» MATERIALS PROVIDED
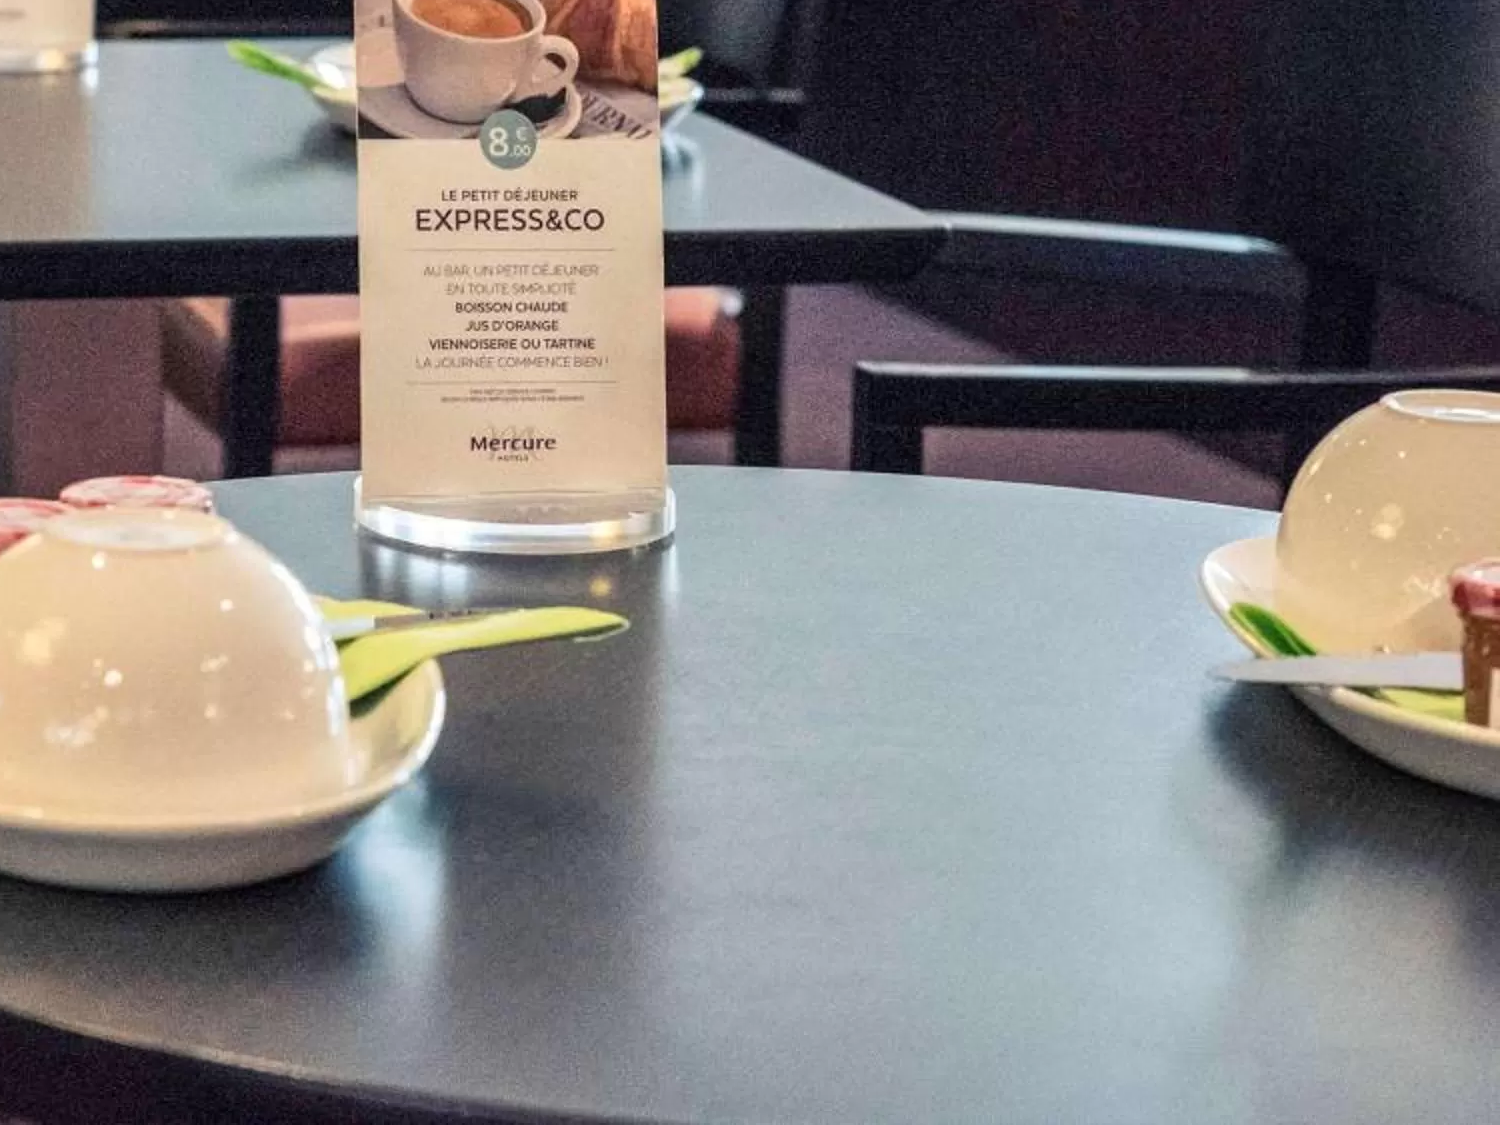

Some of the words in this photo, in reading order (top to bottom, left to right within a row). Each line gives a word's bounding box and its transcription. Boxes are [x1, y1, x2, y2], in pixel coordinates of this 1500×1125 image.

[442, 191, 457, 201] LE
[461, 191, 500, 201] PETIT
[503, 187, 577, 201] DÉJEUNER
[415, 209, 604, 231] EXPRESS&CO
[423, 266, 440, 277] AU
[473, 265, 494, 276] UN
[496, 265, 529, 276] PETIT
[531, 262, 598, 276] DÉJEUNER
[446, 284, 465, 295] EN
[468, 284, 509, 295] TOUTE
[455, 302, 512, 313] BOISSON
[516, 302, 568, 312] CHAUDE
[465, 321, 489, 332] JUS
[492, 320, 559, 331] D'ORANGE
[429, 339, 516, 350] VIENNOISERIE
[521, 339, 541, 349] OU
[544, 338, 596, 349] TARTINE
[416, 358, 431, 369] LA
[435, 354, 494, 369] JOURNÉE
[498, 357, 572, 368] COMMENCE
[574, 357, 603, 368] BIEN
[470, 437, 556, 451] Mercure

» TASK STATEMENT
Copy the listing character for character, pictures omitted.

» EXPECTED OUTPUT
Some of the words in this photo, in reading order (top to bottom, left to right within a row). Each line gives a word's bounding box and its transcription. Boxes are [x1, y1, x2, y2], in pixel coordinates of this 1500×1125 image.

[442, 191, 457, 201] LE
[461, 191, 500, 201] PETIT
[503, 187, 577, 201] DÉJEUNER
[415, 209, 604, 231] EXPRESS&CO
[423, 266, 440, 277] AU
[473, 265, 494, 276] UN
[496, 265, 529, 276] PETIT
[531, 262, 598, 276] DÉJEUNER
[446, 284, 465, 295] EN
[468, 284, 509, 295] TOUTE
[455, 302, 512, 313] BOISSON
[516, 302, 568, 312] CHAUDE
[465, 321, 489, 332] JUS
[492, 320, 559, 331] D'ORANGE
[429, 339, 516, 350] VIENNOISERIE
[521, 339, 541, 349] OU
[544, 338, 596, 349] TARTINE
[416, 358, 431, 369] LA
[435, 354, 494, 369] JOURNÉE
[498, 357, 572, 368] COMMENCE
[574, 357, 603, 368] BIEN
[470, 437, 556, 451] Mercure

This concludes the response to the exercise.